TALE41:ルヴィア妊娠!?
ここ数日ルヴィアの自分に対する態度の変化には気づいていた。決して優しくなったという訳ではないが、前ほど冷たくなくなったというか。だから嫌われてはいない事は確信していたつもりだった。
それだけでも嬉しかったし充分な進歩だと思っていたけど、今日ルヴィアがホテルのフロントで言ってくれた。
「ランディ、あたしといっしょの部屋にしない?」
聞いた瞬間、もう心臓が破裂しそうなくらい飛び跳ねた。
それで今ホテルのバスルームでシャワーを浴びている訳だが。
その時のルヴィアがまた可愛かった。本当にいいのか確認して、うなずく時の恥じらう仕草が。
さっきから心臓がドキドキしっぱなしだ。顔も緩みっぱなしだし。……いつもだろとか言わないでほしい。

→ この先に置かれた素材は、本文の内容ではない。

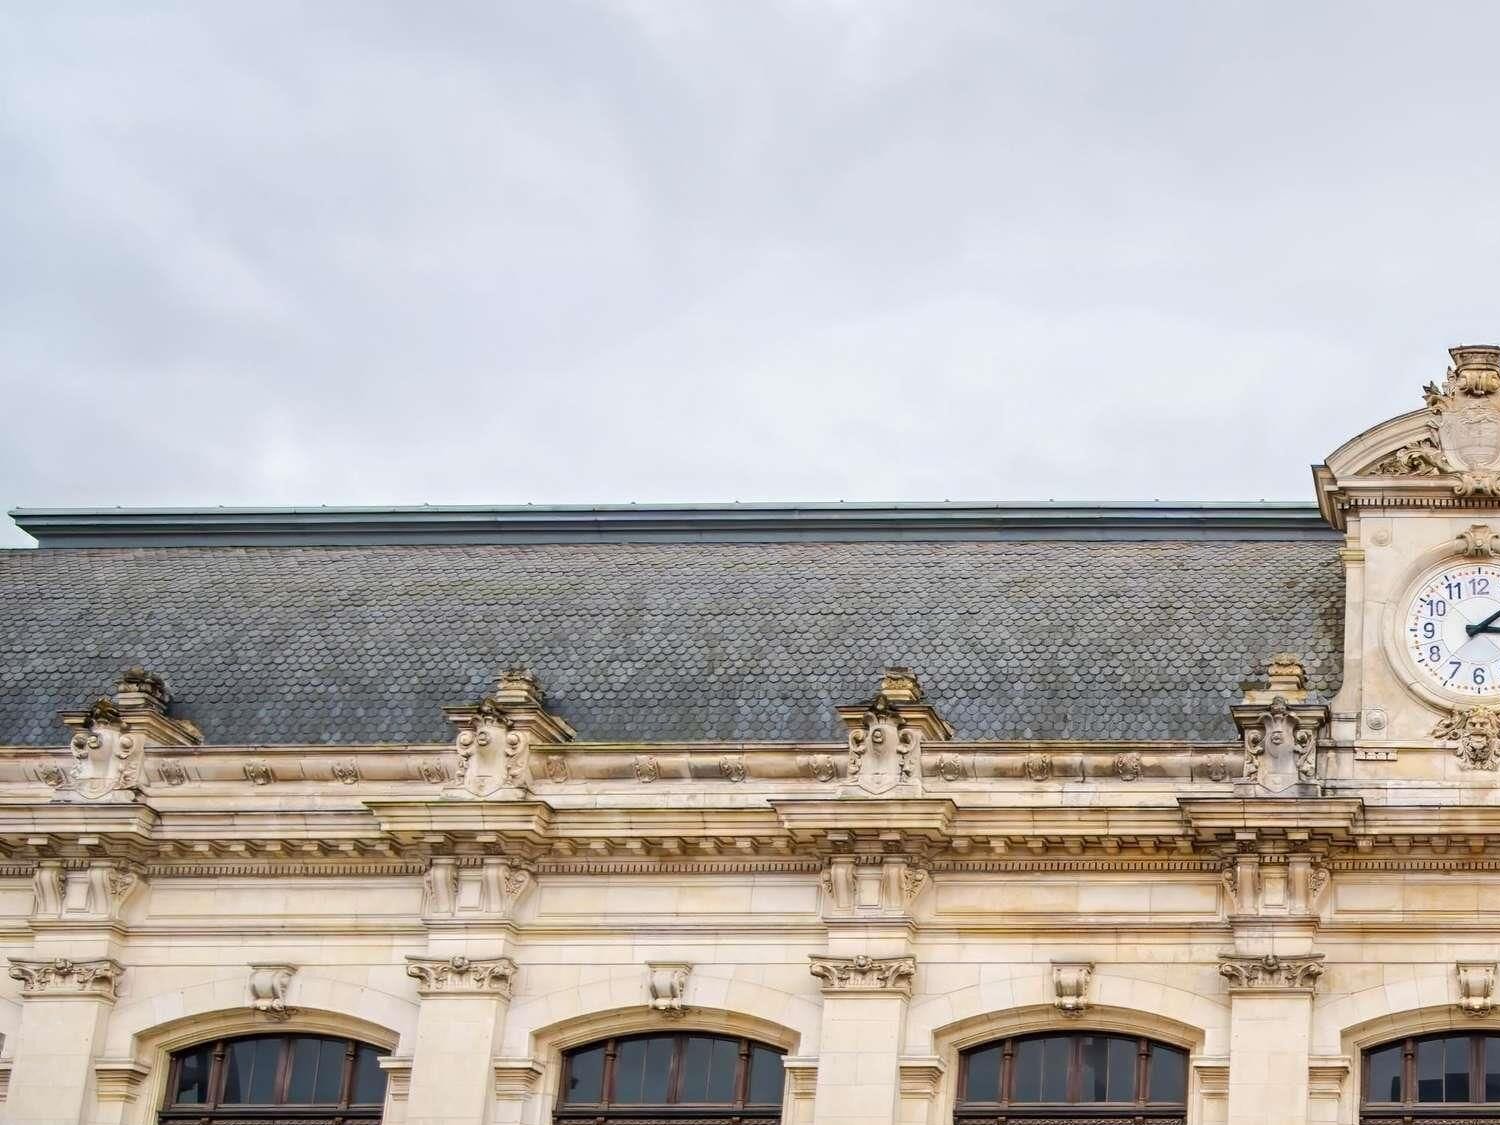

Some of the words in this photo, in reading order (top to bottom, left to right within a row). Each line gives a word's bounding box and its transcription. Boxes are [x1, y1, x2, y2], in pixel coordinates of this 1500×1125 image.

[1445, 582, 1462, 600] 11
[1468, 578, 1490, 596] 12
[1426, 600, 1446, 617] 10
[1423, 622, 1435, 639] 9
[1429, 645, 1441, 663] 8
[1449, 661, 1462, 680] 7
[1473, 667, 1485, 685] 6
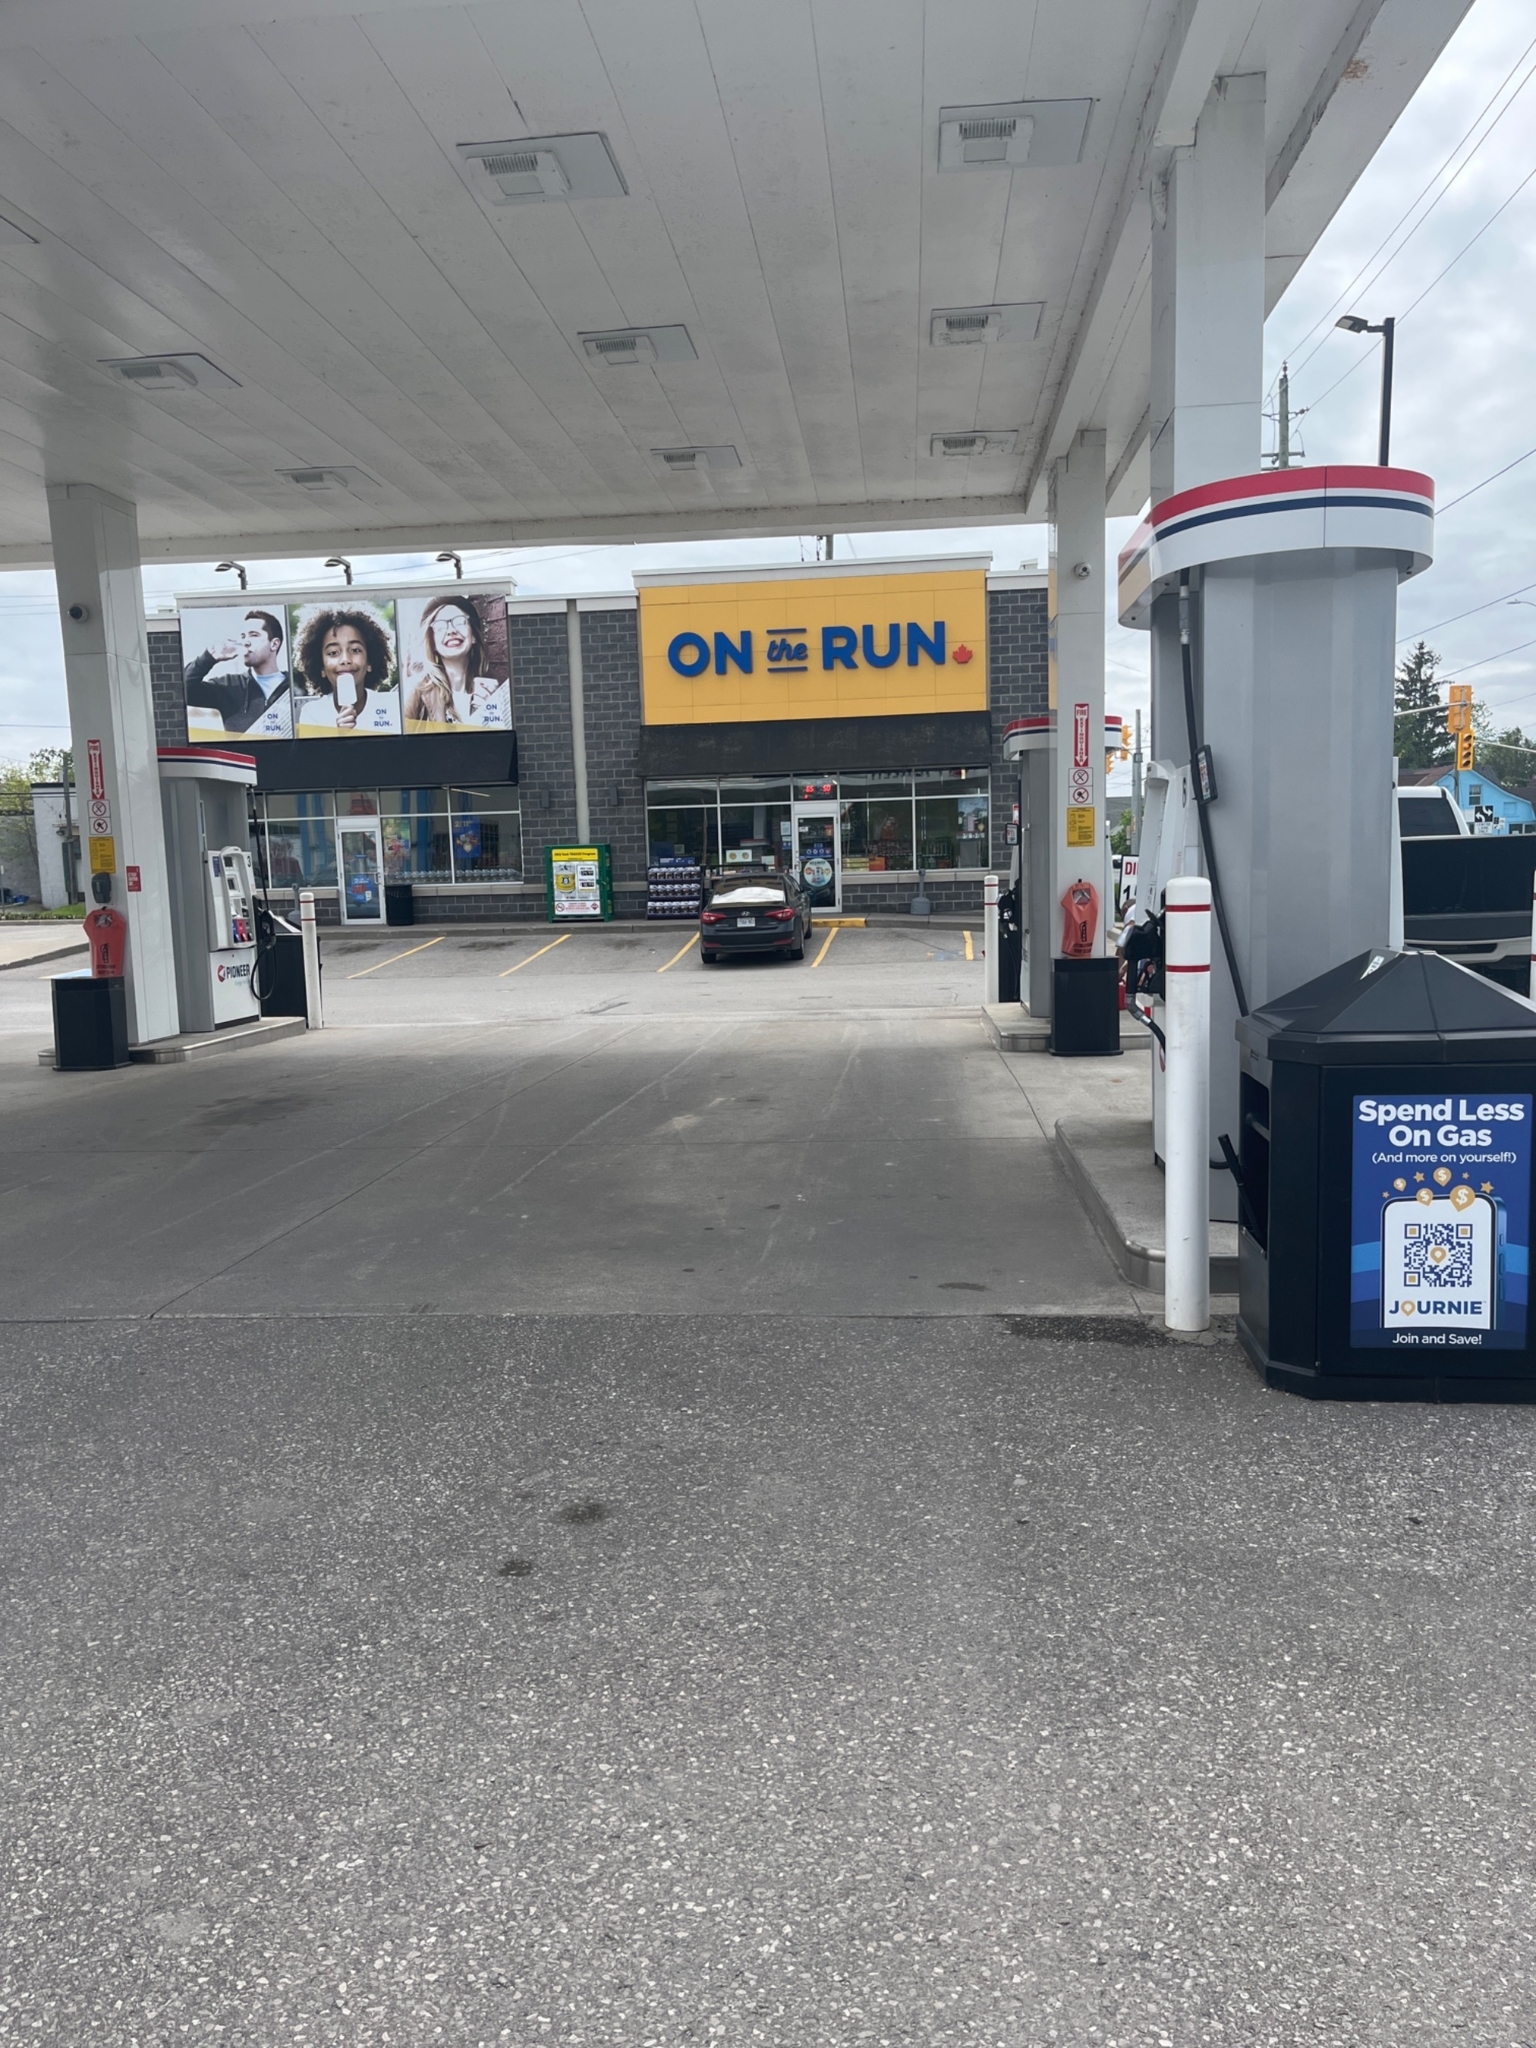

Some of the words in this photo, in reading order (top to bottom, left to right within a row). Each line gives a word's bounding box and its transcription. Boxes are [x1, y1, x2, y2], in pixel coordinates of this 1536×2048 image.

[668, 631, 753, 677] ON
[766, 638, 808, 662] the
[822, 621, 946, 671] RUN
[247, 856, 252, 867] 3
[1125, 862, 1138, 875] DI
[226, 964, 250, 979] PIONEER
[1358, 1098, 1452, 1126] Spend
[1459, 1099, 1525, 1122] Less
[1389, 1125, 1431, 1147] On
[1436, 1124, 1492, 1147] Gas
[1372, 1152, 1403, 1164] (And
[1405, 1154, 1438, 1163] more
[1440, 1154, 1456, 1163] on
[1459, 1152, 1517, 1165] yourself!)
[1392, 1333, 1419, 1344] Join
[1421, 1333, 1446, 1344] and
[1448, 1333, 1482, 1345] Save!
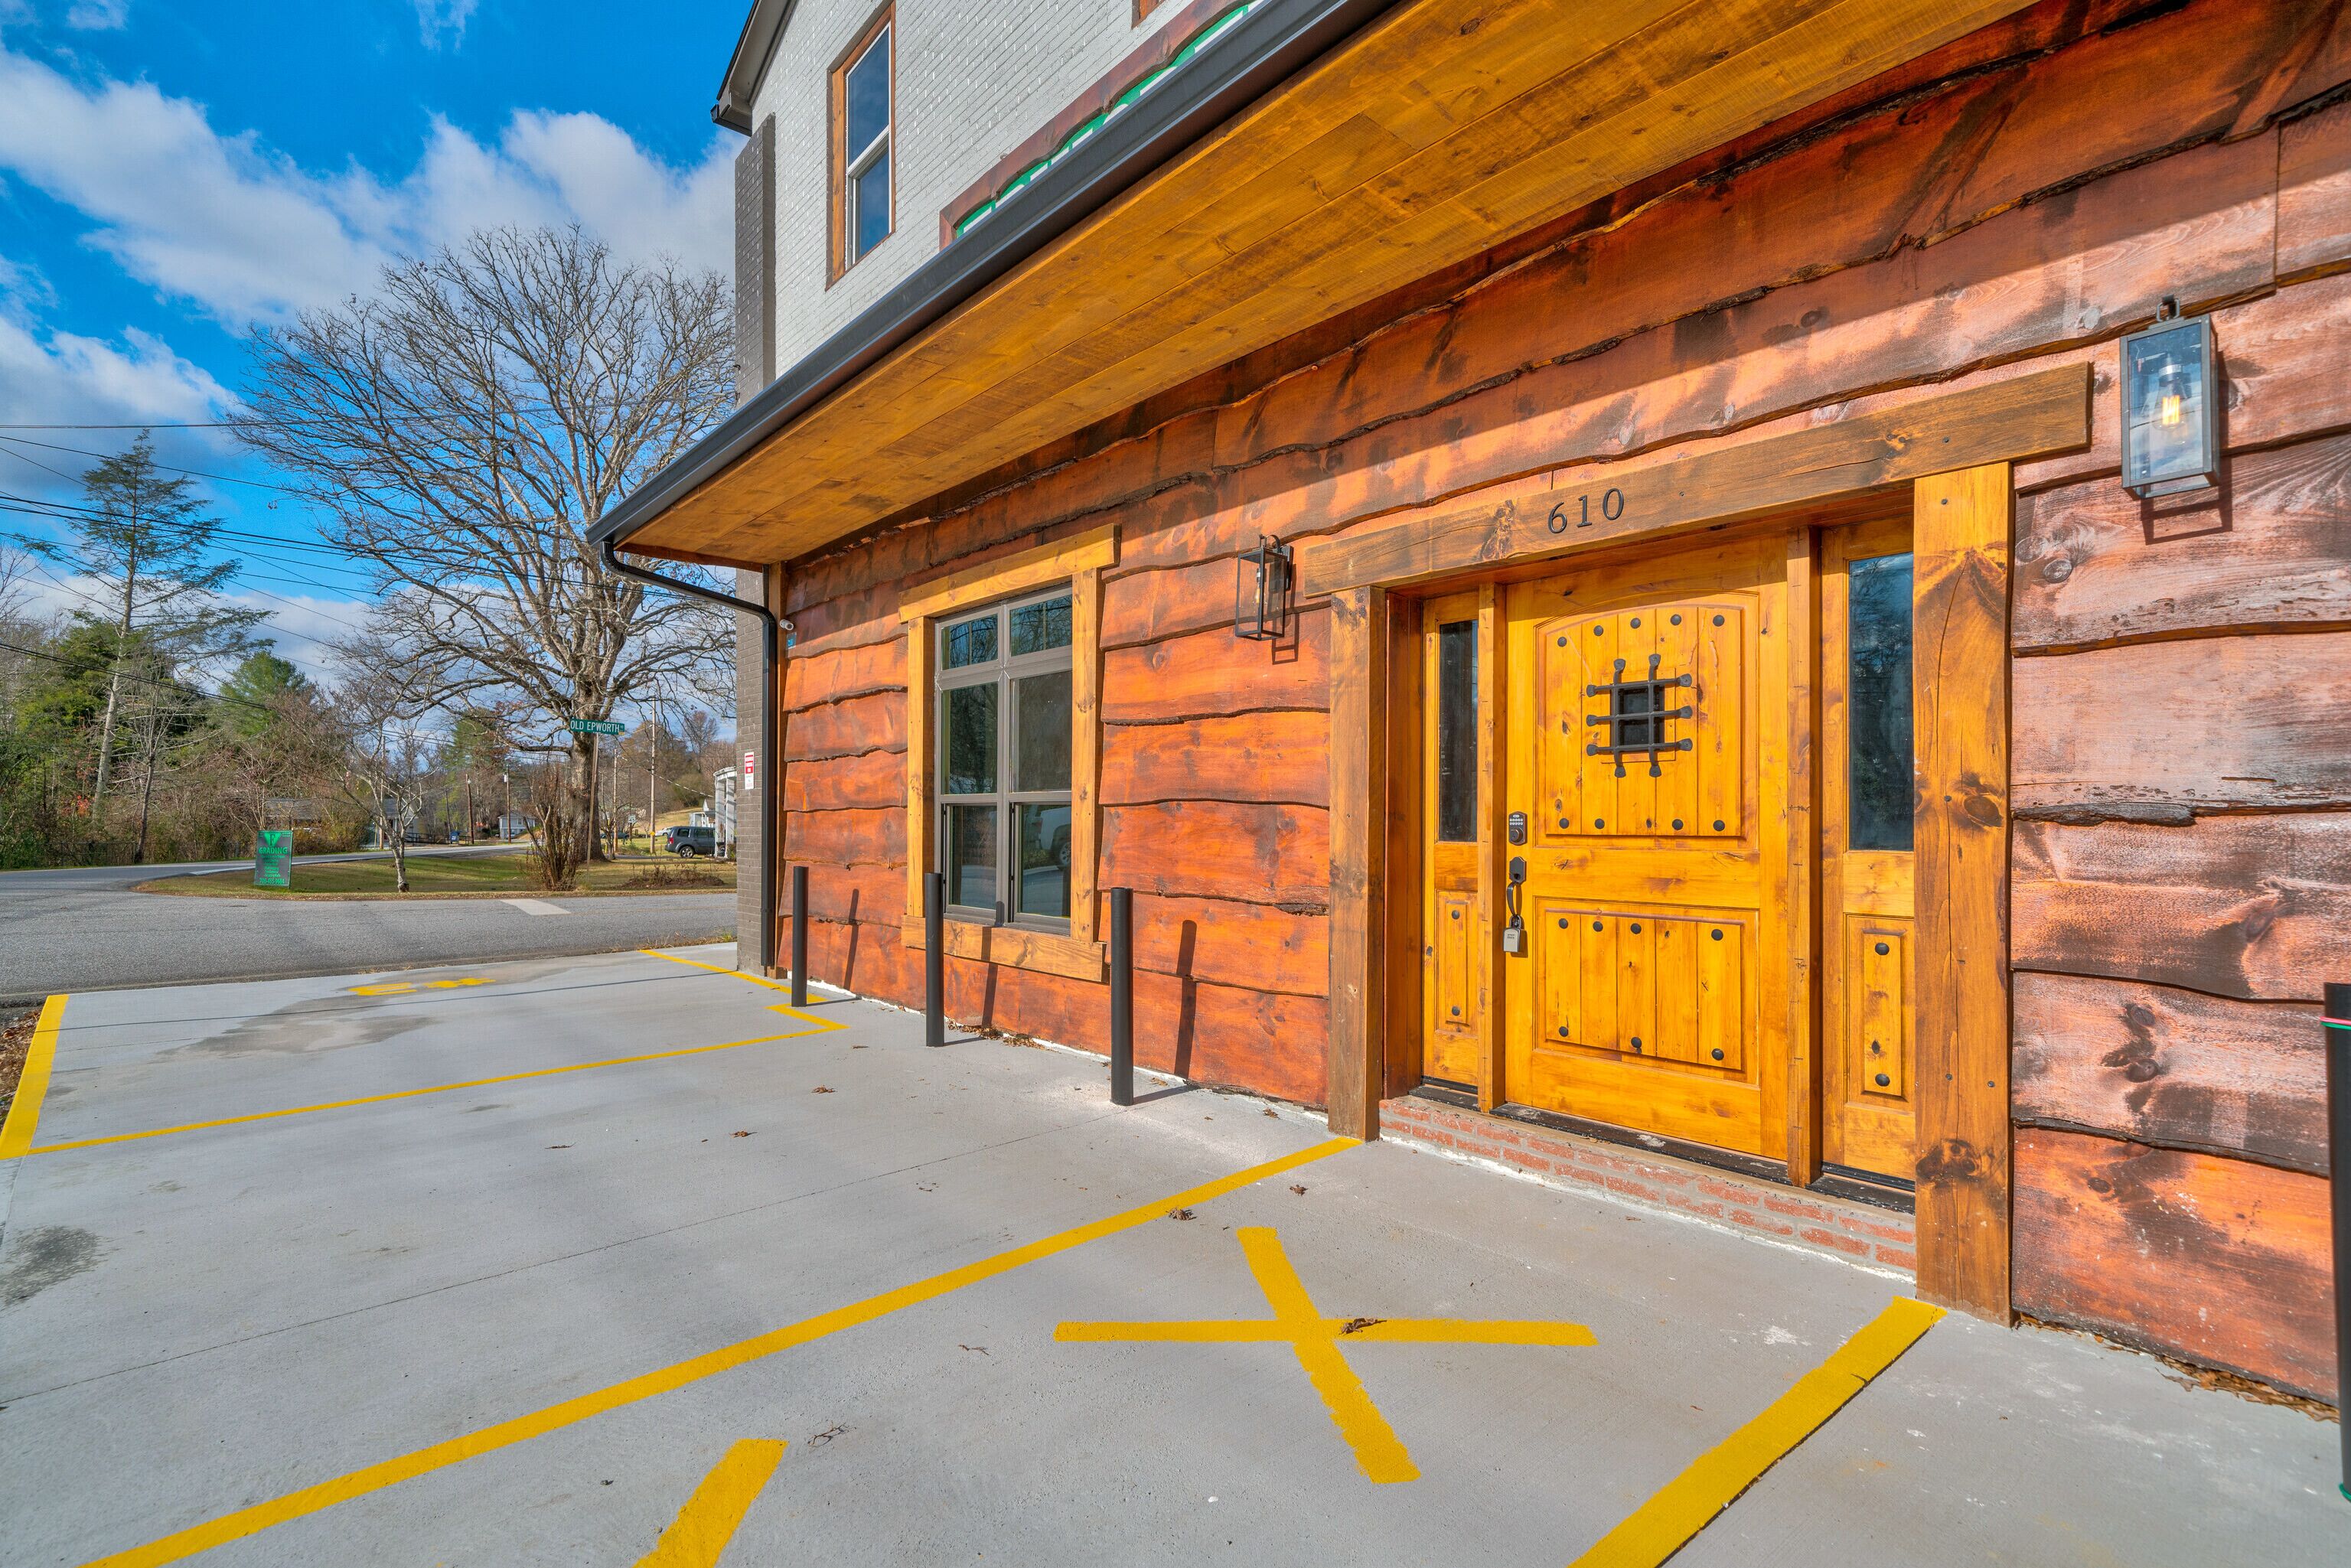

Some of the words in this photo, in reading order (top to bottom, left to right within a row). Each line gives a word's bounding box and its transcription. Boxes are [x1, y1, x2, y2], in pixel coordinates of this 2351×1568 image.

[1547, 487, 1624, 533] 610
[570, 720, 584, 730] OLD
[587, 722, 620, 732] EPWORTH

だってルヴィアから誘ってきたんだから。もう1度言うけどルヴィアから誘ってきた。
同じ部屋に泊まれるなんて、これはもう僕の事を好きだと思って間違いない。
あ、また顔がニヤけてしまう。
バスローブ姿のランディはバスルームを出た。
テーブルにランプだけを灯した薄暗い部屋でバスローブ姿のルヴィアがソファーに座っている。
ランディはドキドキしながら向かいのソファーに座る。
「……ランディ、あたしやっと気づいたわ」
「えっ?」
ドキッとするランディ。
「あたし、あんたのコト好きになったみたい」
顔を赤らめたルヴィアが言う。
「えっ!? そ、それって、僕のこと……愛してるってこと?」
「……うん」
ルヴィアがうなずいた。
「僕のこと、本当に愛してる?」
「愛してるわ」
それを聞いたランディの顔がボンッと真っ赤になった。
「ル、ルヴィア」
ランディの頭上で祝福のクス玉がパンパカパーンと割れた。
やった――! ついに、ついにルヴィアが愛してるって言ってくれた――!
目に感激の涙が溢れる。
そんなランディにルヴィアはため息をつく。
「もーあんたってホントすぐ泣くんだから」
「だっ、だってルヴィアが、僕のことを愛してるって、僕すごく嬉しくて」
ランディが涙を拭いながら言う。
「あたしもフシギだわ。あんたのコト大ッキライだったのにね」
そう言いルヴィアは立ち上がりランディの手を引いた。
立ち上がったランディの首にルヴィアは両腕を回す。ドッキーンとして顔が真っ赤になるランディ。
ルヴィアはランディに唇を重ねた。
……ルヴィアが、僕にキスを。
感激したランディはルヴィアを抱きしめた。
ベッドでルヴィアとランディは唇を重ねていた。
情熱的なキスを交わし、紅潮した顔で熱い視線を絡め合う。
そしてランディが目線を移した先はルヴィアの首筋と胸元に散った薄く残る小さな痣。明らかに自分以外の男が触れた証を見せ付けられ、頭の中が悔しさと怒りで熱くなるのを感じる。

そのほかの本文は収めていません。